A word-for-word copy of every entry below is required; the images do not belong in it.

= Beginning of Section =

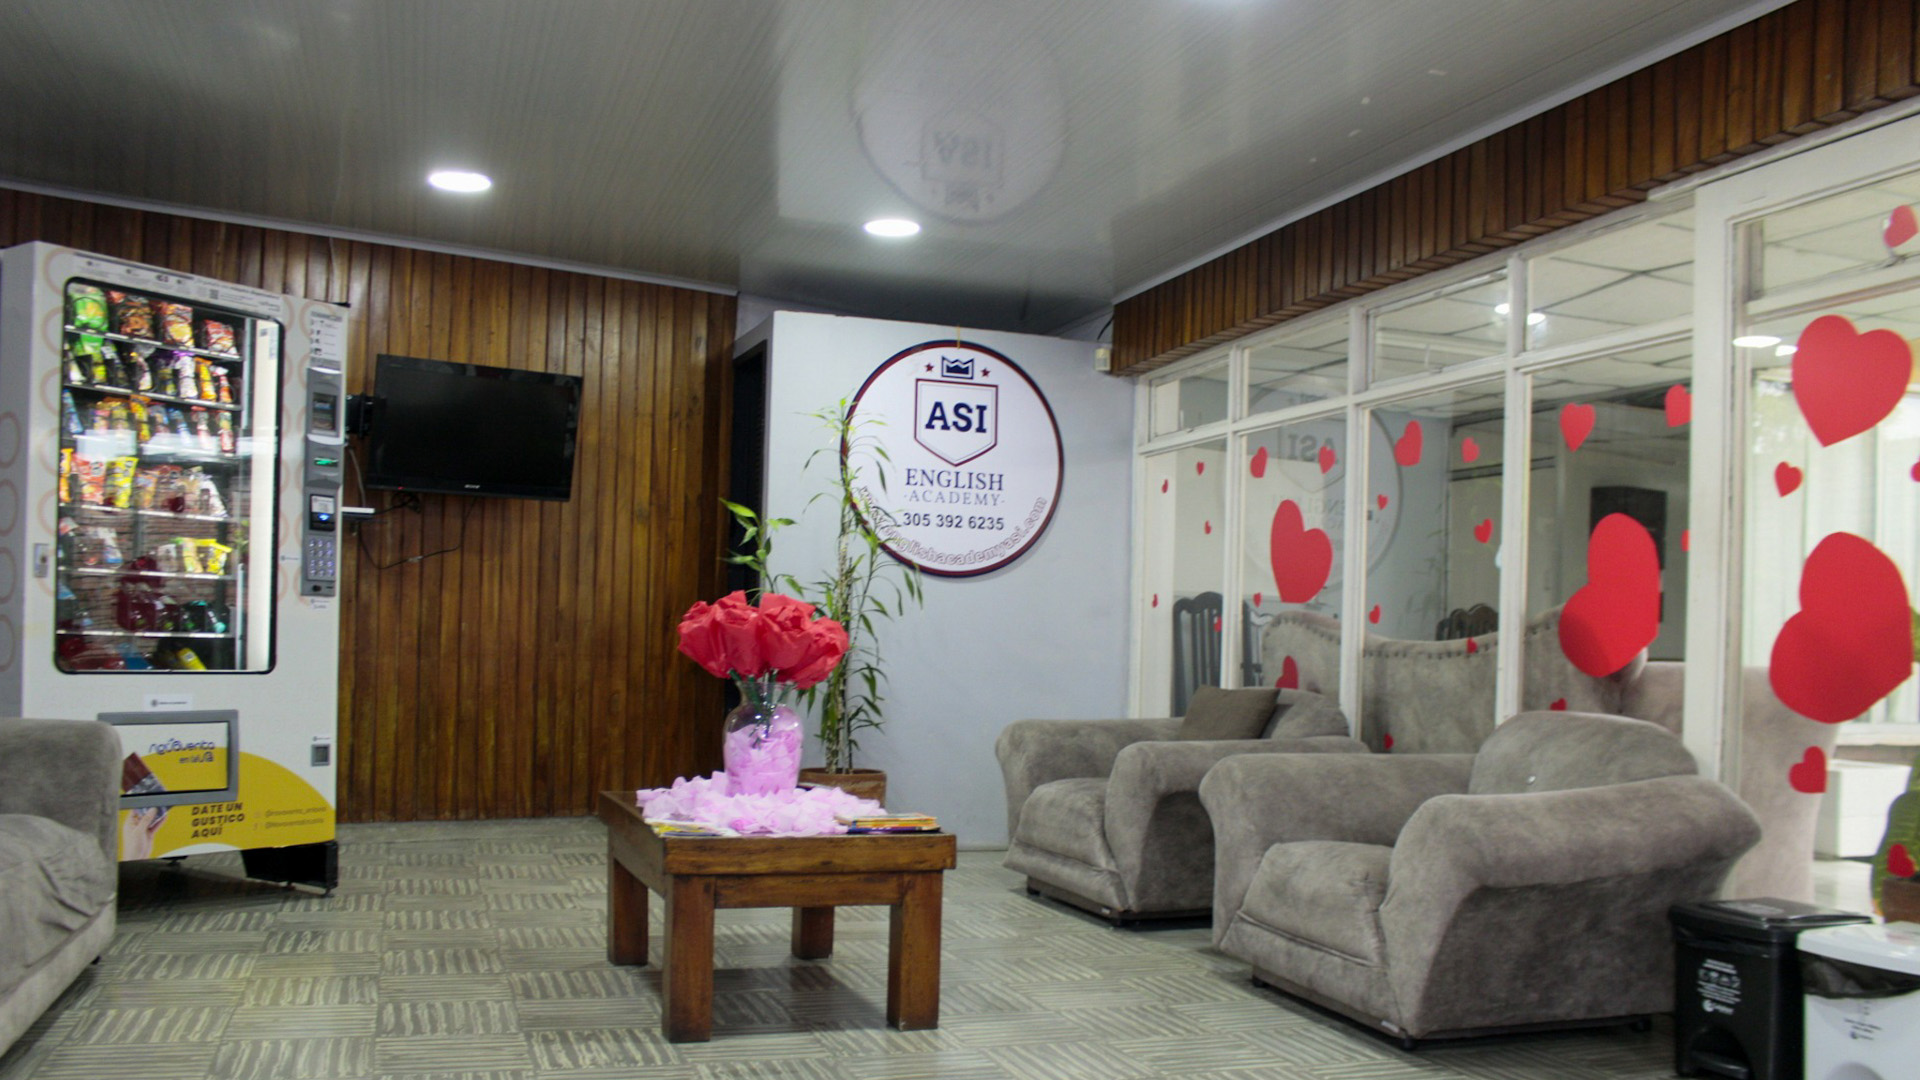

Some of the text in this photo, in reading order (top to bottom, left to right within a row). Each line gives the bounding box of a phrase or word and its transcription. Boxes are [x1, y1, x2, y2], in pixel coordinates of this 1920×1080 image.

[925, 401, 988, 434] ASI
[904, 467, 1005, 491] ENGLISH
[858, 485, 1048, 566] wwwenglishacademyasi.com
[902, 512, 1005, 531] 305 392 6235
[191, 802, 244, 816] DATE UN
[191, 813, 246, 828] GUSTICO
[191, 823, 223, 839] AQUÍ

= End of Section =

● RESULT:
Some of the text in this photo, in reading order (top to bottom, left to right within a row). Each line gives the bounding box of a phrase or word and its transcription. Boxes are [x1, y1, x2, y2], in pixel coordinates of this 1920×1080 image.

[925, 401, 988, 434] ASI
[904, 467, 1005, 491] ENGLISH
[858, 485, 1048, 566] wwwenglishacademyasi.com
[902, 512, 1005, 531] 305 392 6235
[191, 802, 244, 816] DATE UN
[191, 813, 246, 828] GUSTICO
[191, 823, 223, 839] AQUÍ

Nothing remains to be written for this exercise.